The model is compared to experimental data obtained for nitrogen–water Taylor flow in a glass channel with a circular cross-section and an inner diameter of 250 μm. The Reynolds number Re gl is varied between 41 and 159 and the capillary number Ca gl varied between 2.3 × 10−3 and 8.8 × 10−3. The model developed in this work describes the experimental data within an accuracy of ±4% without fitting any of the constants to the data obtained in this work.

Both the model and the experimental data are compared to the Lockhart–Martinelli–Chisholm model (Lockhart and Martinelli 1949; Chisholm 1967) and the model of Kreutzer et al. (2005b). The model of Kreutzer et al. is a semi-empirical model and is fitted to the experimental data obtained in this work and the fitted model predicts the measured pressure drop with increasing accuracy as the Reynolds number increases to 150. The Lockhart–Martinelli–Chisholm model was not developed for gas–liquid Taylor flow, which was explicitly indicated by the authors themselves (Lockhart and Martinelli 1949). Their model is, therefore, not expected to accurately describe the pressure drop in gas–liquid Taylor flow, yet it has been applied to this flow regime by other authors and was therefore, included in this work. Contrary to the other two models, it takes neither surface tension nor any hydrodynamic properties of gas–liquid Taylor flow into account and, as expected, the values of the pressure drop predicted by the Lockhart–Martinelli–Chisholm model deviate more from the measured values than the predictions of the other two models.

The model of Kreutzer et al. has been specifically developed for gas–liquid Taylor flow for Reynolds numbers larger than 150 and considers the same two sources of pressure drop as the model developed in this work.

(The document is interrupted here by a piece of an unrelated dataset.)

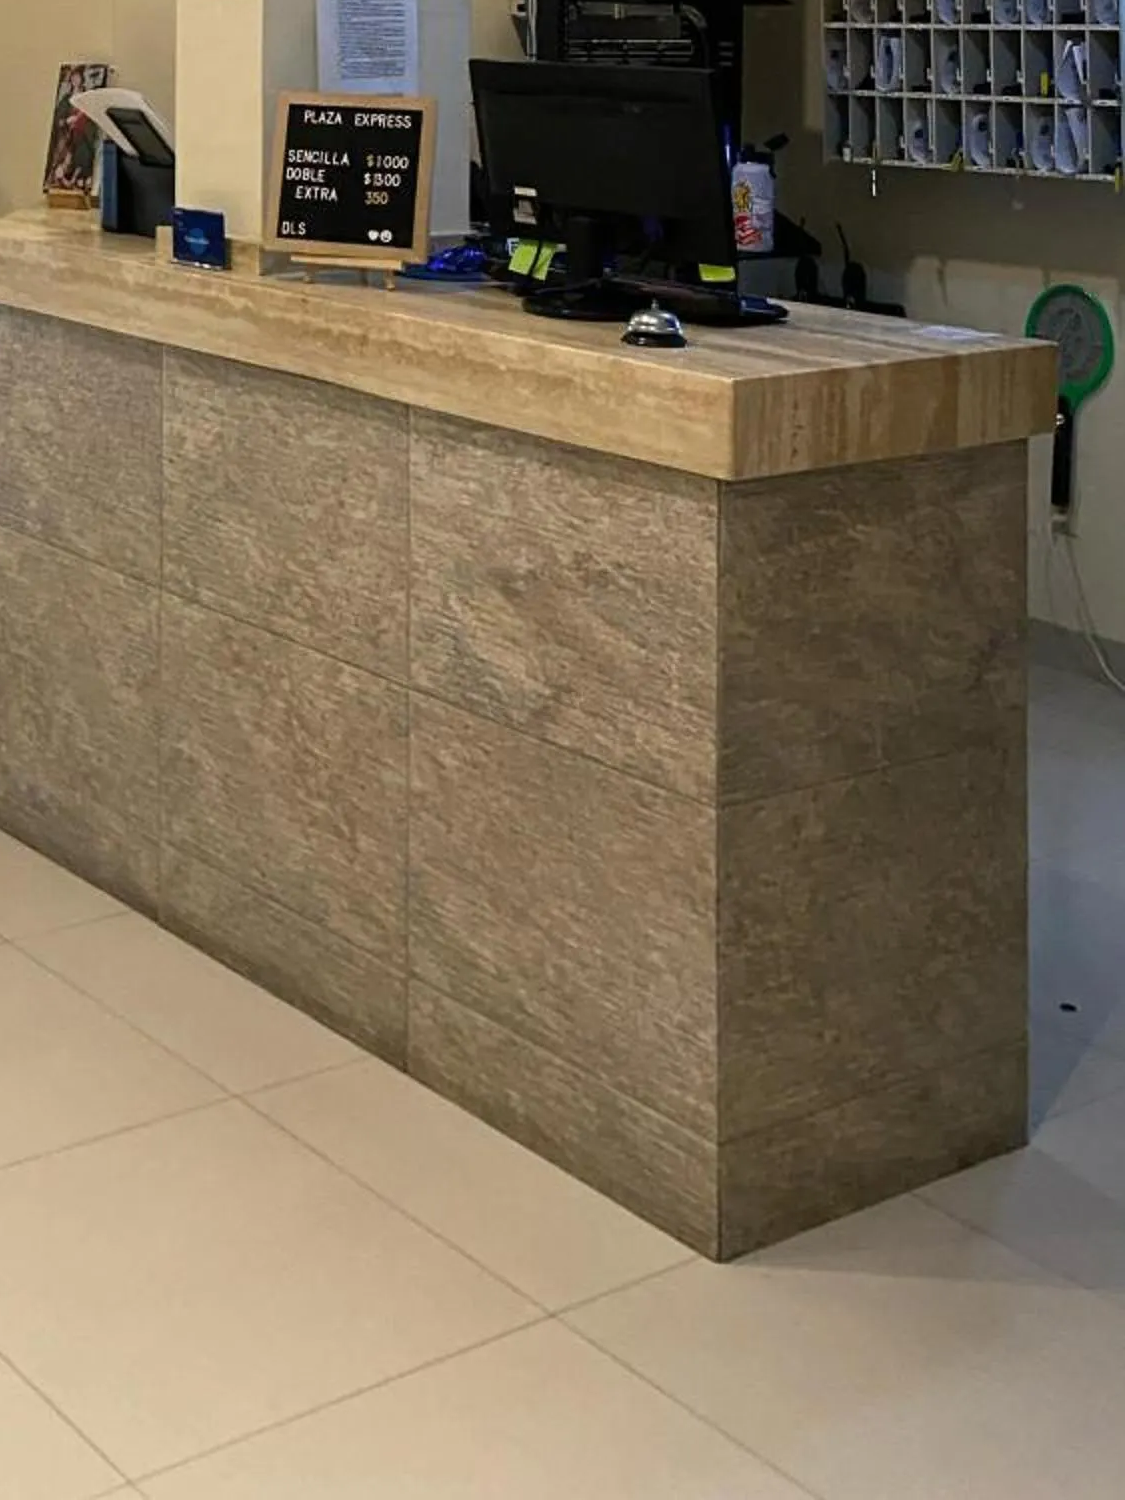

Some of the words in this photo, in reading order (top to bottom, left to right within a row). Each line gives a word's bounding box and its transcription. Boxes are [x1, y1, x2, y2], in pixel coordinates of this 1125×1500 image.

Furthermore, both models similarly take the spatial gas–liquid distribution into account in the form of, respectively, the liquid slug length and the gas bubble frequency. The main difference between the two models is that the dependence of the pressure drop on the gas bubble velocity is not incorporated in the model of Kreutzer et al. while it is included in the model developed in this work. The decreasing accuracy of the model of Kreutzer et al. with decreasing Reynolds number, and thus with decreasing gas bubble velocity, is shown to be due to the model not taking the effect of the gas bubble velocity on the pressure drop into account. This result, therefore, shows that other than the spatial distribution of the gas and liquid phases, the velocity distribution of the gas and liquid phases needs to be included when describing the pressure drop of gas–liquid Taylor flow in small channels.

The model developed in this work is valid for gas–liquid Taylor flow in round channels for Ca b < 0.01, Re b < 150 and negligible velocity of the liquid in the film surrounding the gas bubbles. When these conditions are met, the expression for the pressure drop over a single Taylor gas bubble is known from combining the analysis of Bretherton and that of Aussillous and Quéré, as shown in this work. Unfortunately, such an expression is not available when either the channel is not axisymetric, the liquid flow is not laminar, inertial effects are significant, or the liquid film surrounding the Taylor gas bubbles is not stagnant. Efforts to describe the pressure drop of gas–liquid Taylor taking one or more of these effects into account have been made, such as the semi-empirical model of Kreutzer et al., which includes inertial effects, but the understanding is still far from complete.